Portugal
“Futebol nos tempos de cólera”: uma obra de Keizer Garcia Márquez
2018-11-29 20:00:00
Esta goleada, apesar das fragilidades do adversário, já tem dedo de Keizer.

Os tempos são de cólera, na segunda circular. Na Luz, confusão com um treinador. Em Alvalade, um treinador à procura de acalmar os exigentes adeptos de um clube que acabou de despedir Peseiro. Mas, hoje, no meio da cólera, como um dia escreveu Garcia Márquez, houve amor. Ou melhor, houve futebol. E do bom. O Sporting venceu o Qarabag, por 6-1, no Azerbaijão, e carimbou a passagem aos 16 avos de final da Liga Europa. 

Para que fique claro: este Sporting já mostra dedo de treinador. E dizer isto não é um entusiasmo precoce com um imponente 6-1 ou uma simpatia para com Keizer. É, sim, a clara evidência de que já há ideias e fundamentos diferentes: bola no pé, triangulações a um/dois toques, jogadores próximos e a lógica de "toca, vai e pede", com futebol sempre apoiado e um meio campo em 1x2 (Gudelj atrás de Wendel e Bruno Fernandes). Isto é dedo de Marcel Keizer.

Até aqui, o Sporting mostrava uma avidez tremenda pela procura dos corredores, apostando em isolamentos dos extremos para 1 contra 1, acabando as jogadas com cruzamentos. Agora, os leões mostram a ideia de querer os jogadores mais juntos, com poucos toques na bola e, ao contrário do que acontecia, a procura de envolver Bas Dost nas triangulações, pedindo apoios frontais ao holandês.

Num estádio gigante, mas quase vazio, o primeiro golo – penálti ganho e convertido por Dost – nasceu precisamente disso: a equipa procurou o ala, sim, mas apenas depois de, com triângulações centrais, chamar o lateral contrário à zona central, desposicionando-o e dando espaço ao ala para definir.

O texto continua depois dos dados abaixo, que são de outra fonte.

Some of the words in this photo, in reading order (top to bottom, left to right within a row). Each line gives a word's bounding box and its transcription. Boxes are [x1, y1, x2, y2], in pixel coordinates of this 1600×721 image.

Importa dizer que o Qarabag não é um “papão”. Aliás, os azeris cometeram o pecado clássico de quem defronta uma equipa que quer jogar como jogou o Sporting: fizeram pressão individual e focada no homem da bola. Contra equipas que querem fazer isto, a pressão tem de ser feita com controlo da zona e não com referências individuais, porque sempre que chegarem ao homem da bola, já ela saiu de lá.

Este modelo leonino tem, ainda, outra vantagem: depois de meia hora de bola no pé e passes a um/dois toques, os adversários começaram a contar com isso, podendo ser surpreendidos quando os leões quiseram sair em condução, algo que Gudelj e Wendel não se inibiram de fazer. E ganharam vantagens assim uma mão cheia de vezes.

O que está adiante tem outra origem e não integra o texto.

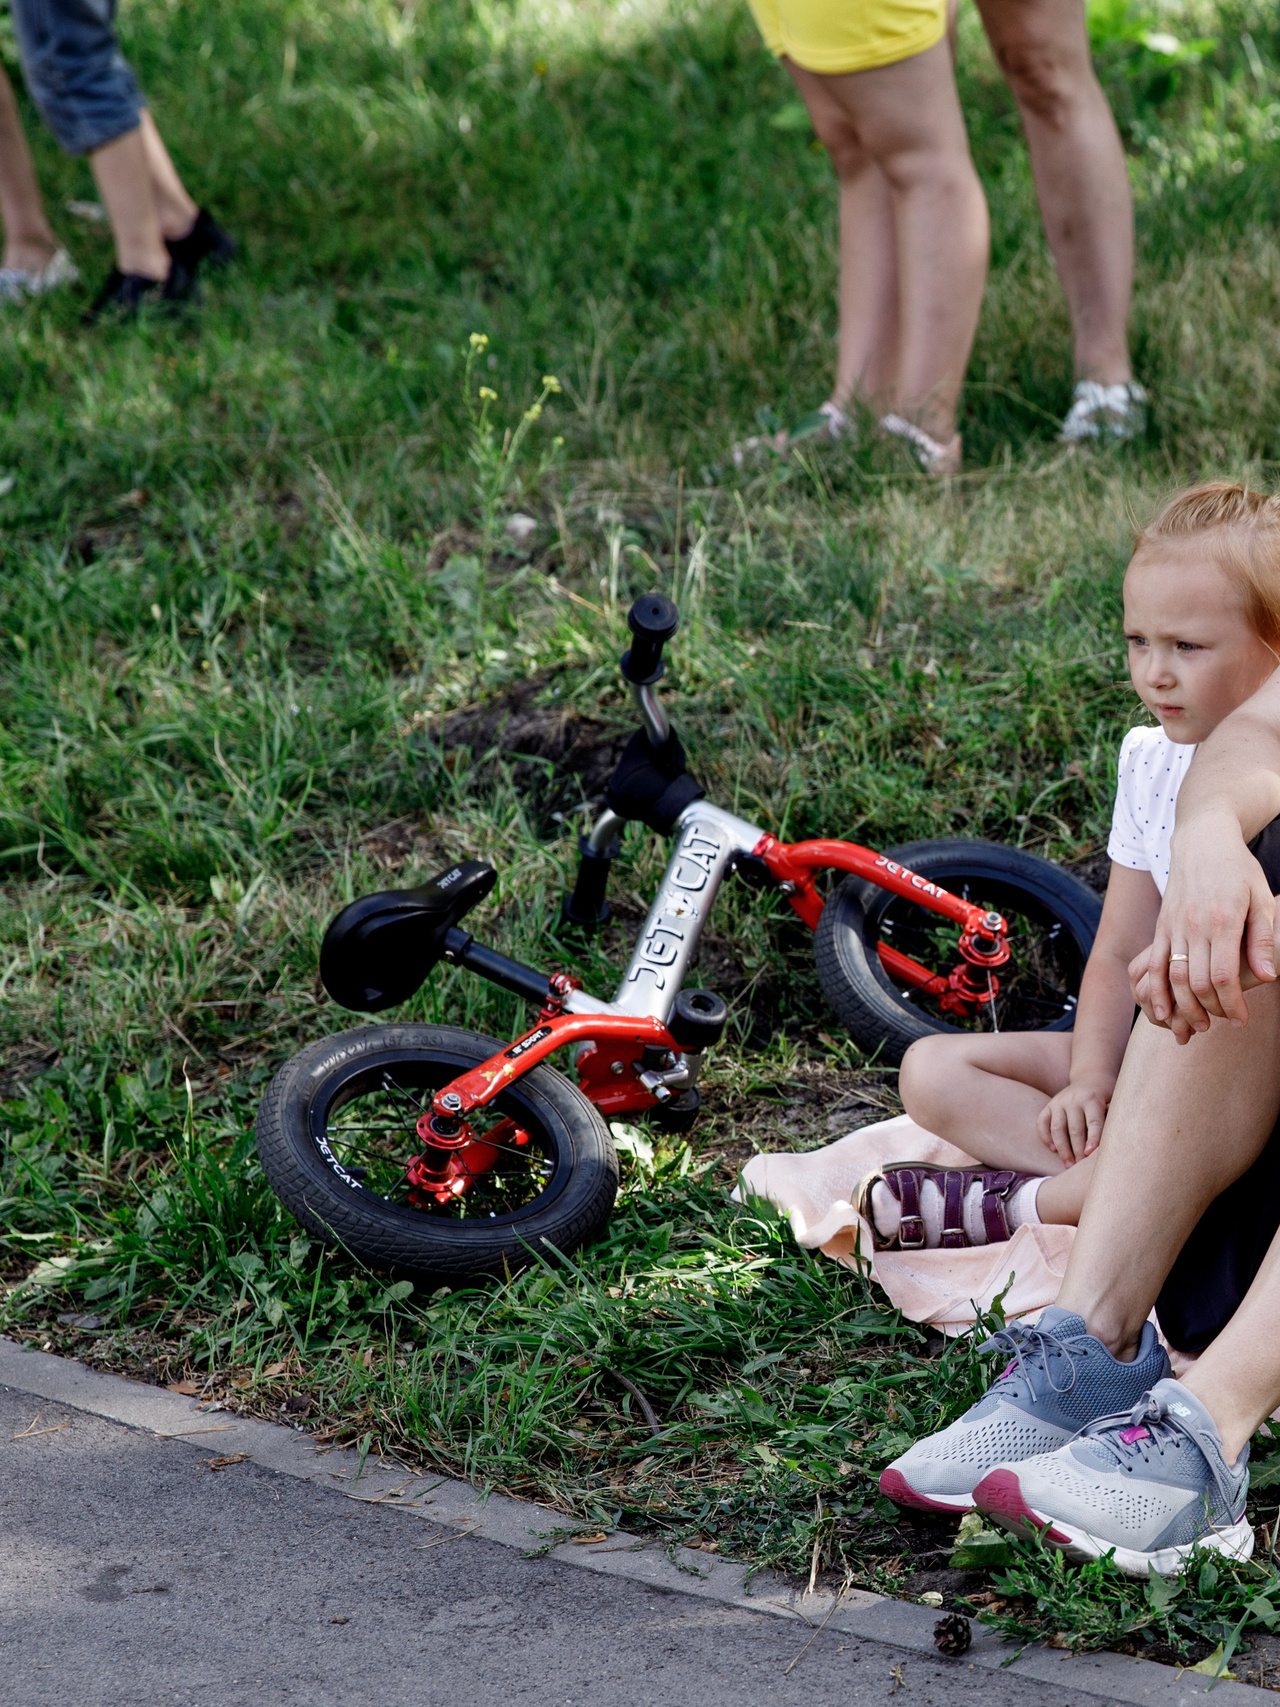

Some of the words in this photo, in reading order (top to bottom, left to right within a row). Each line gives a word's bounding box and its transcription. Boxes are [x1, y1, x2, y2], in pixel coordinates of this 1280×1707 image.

Voltando ao filme do jogo: o Qarabag empatou aos 15', mas Bruno Fernandes desempatou aos 21, com ajuda preciosa de Halldórsson. Nani resolveu individualmente o 3-1 e “matou” o jogo.

A segunda parte foi uma formalidade. O Sporting jogou com mais calma, mas, com os azeris mais abertos – e visivelmente cansados, também –, vieram os golos: Diaby (duas vezes) e Bruno Fernandes construíram a goleada, sendo que o golo do português voltou a ser construído com a tal matriz de passes curtos e triangulações rápidas.

Que fique claro: esta goleada, apesar das fragilidades do adversário, já tem dedo de Keizer. E isso só pode ser uma boa notícia para os sportinguistas que queriam mais qualidade do Sporting de Peseiro.